- 316 Okunma
- 1 Yorum
- 2 Beğeni
GEÇMİŞ YILLAR
Merhaba yavrum,
Size biraz çocukluğumu anlatayım.
Bizler siyah beyaz televizyon ilk çıktığında komşu evlerinde kıyıda köşede izinle televizyonu izleyenlerdik. Sonra sabahları "halk hikayeleri" diyerek en heyecanlı anını ertesi güne bırakıp kahvaltıyı nasıl yediğimizi bilmeden okula giden ve okulda bile merak içinde kalan çocuklardık. Sonra bizim zamanımızda akşam sanırım dokuz buçuk gibi ailece radyo tiyatrosu dinlenirdi. Ailede herkes odasındaki televizyonun ya da bilgisayarın başından kalkamayan çocuklar- büyükler olmamıştı henüz. Ailece bir programı dinlemenin hazzını yaşayan, devamında radyoyu kapatıp anne ya da babanın verdiği öğütleri dinleyenlerdik...

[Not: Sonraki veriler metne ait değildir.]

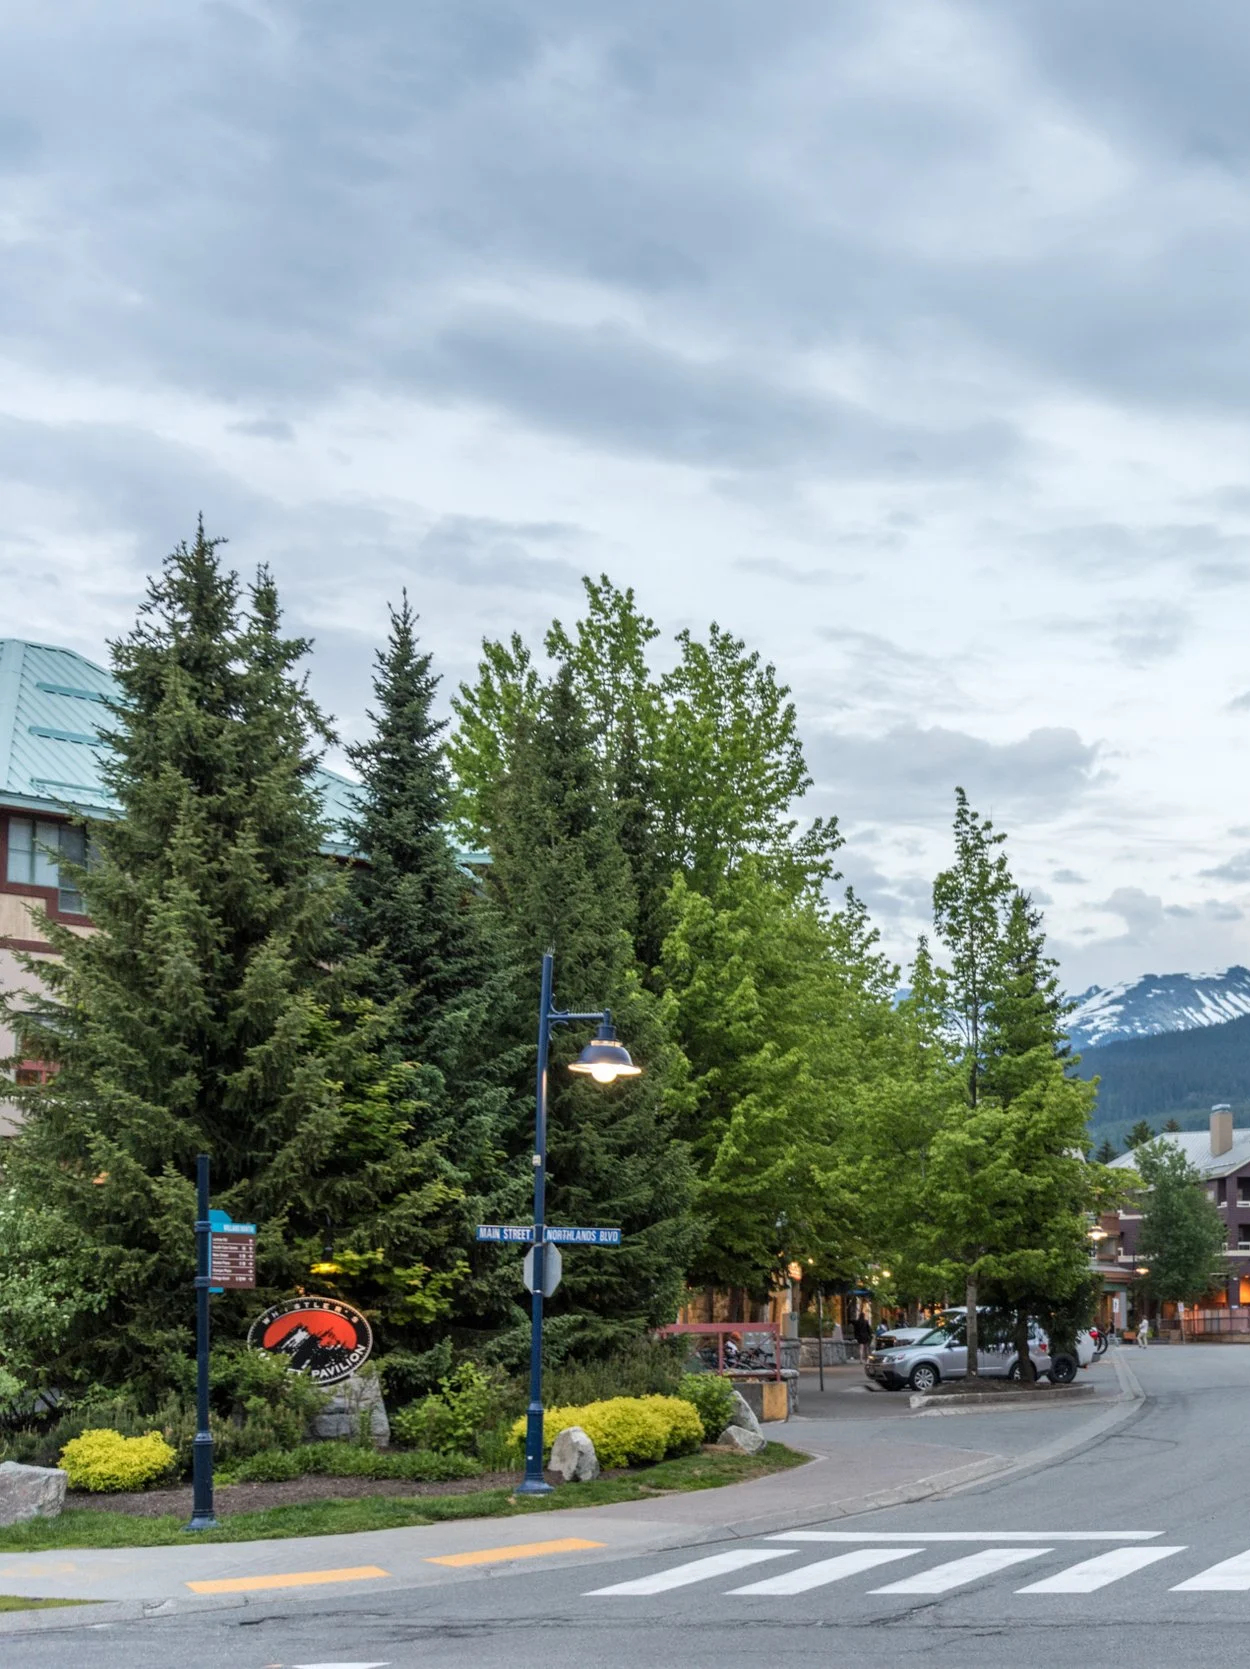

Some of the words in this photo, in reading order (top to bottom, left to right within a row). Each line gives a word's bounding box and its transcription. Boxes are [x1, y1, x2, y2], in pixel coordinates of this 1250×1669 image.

[479, 1227, 500, 1239] MAIN
[503, 1229, 530, 1240] STREET
[546, 1230, 596, 1241] NORTHLANDS
[600, 1231, 619, 1241] BLVD
[311, 1343, 367, 1379] PAVILION
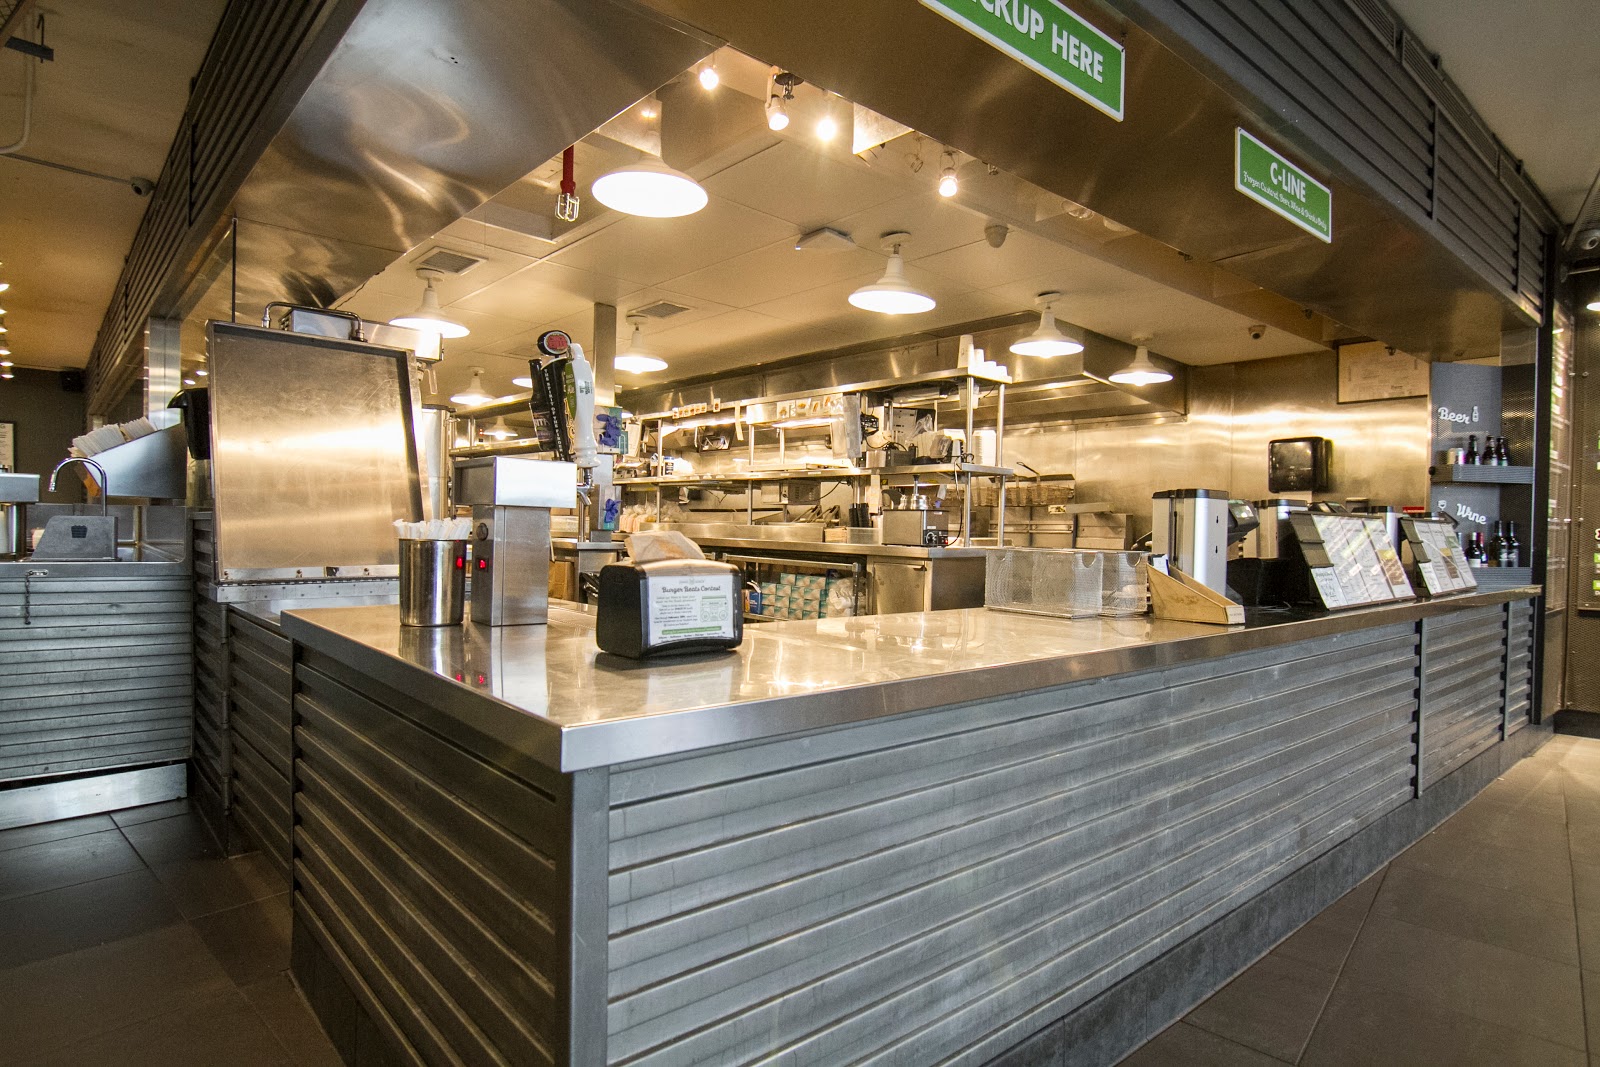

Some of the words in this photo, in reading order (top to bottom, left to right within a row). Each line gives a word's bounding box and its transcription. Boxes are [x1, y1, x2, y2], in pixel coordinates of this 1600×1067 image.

[1051, 23, 1104, 84] HERE
[1243, 170, 1260, 188] Frozen
[1260, 182, 1280, 201] Custard,
[1279, 194, 1290, 207] Beer,
[1290, 199, 1301, 213] Wine
[1270, 162, 1306, 203] C-LINE
[546, 382, 554, 406] SPIRIT
[1438, 407, 1470, 424] Beer
[1456, 503, 1487, 525] Wine
[662, 586, 683, 594] Burger

Çok bir eğlencemiz yok gibi görünürdü ama değil... Biz kömür sobasının altında küller arasında pişen patatesin kokusunu hâlâ hissedenleriz, ondan değil mi ki bugün kumpiri sevmemiz. Biz, elektrik kesildiğinde paylaşılan anıları dinlemek için adeta yalvarırdık, kesilsin diye elektrik. Sahi ne çok kitap okurduk biz o yıllar ve doğum günlerimizde aldığımız kitaplar ne güzeldi... Ve sokaklar, tanırdı onlar bizi gece- gündüz. Geceleri biz saklambaç oynarken bekçinin düdük sesi, bize nasıl güven verirdi.

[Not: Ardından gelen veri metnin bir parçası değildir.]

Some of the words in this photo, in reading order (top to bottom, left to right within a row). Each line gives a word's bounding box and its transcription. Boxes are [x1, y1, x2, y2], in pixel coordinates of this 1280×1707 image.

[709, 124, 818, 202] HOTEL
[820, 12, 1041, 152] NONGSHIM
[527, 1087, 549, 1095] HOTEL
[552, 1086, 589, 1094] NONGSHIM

Biz, bin dokuz yüz ellili yıllarda hayata merhaba diyenlerdeniz. O zamanlar pazarda alış veriş yapanların eşyalarını taşımak için erkek çocuklar -nerden buluyorlardı bilmiyorum- tahtalardan yaptıkları küçük kasaların altına tekerlekler takar ve yaptıkları bu tornetlerle hem harçlıklarını kazanır hem de eğlenirlerdi... Sokaklar tornetten geçilmezdi.
Bizim zamanımızda okuldaki kooperatifçilik kolunda bizler sırayla kantinde görevlilerin satışlarına yardım ederdik, o günün hesabını çıkarır teslim ederdik büyük bir iş yeri gibi. Yani hayata güzel hazırlanmışız biz farkında olmadan. Sahi unuttum, bir de beslenme saatlerinde süt dağıtılırdı, tadı damaklarımda ve sıra ile aileler bütün sınıf öğrencilerinin o günkü poğaçalarını -ya da ne vereceklerse- dağıtmak için beslenme saatinde okula gelirlerdi. Ne gururdu, nasıl mutlu olurduk...O, ne güzel bir paylaşımdı.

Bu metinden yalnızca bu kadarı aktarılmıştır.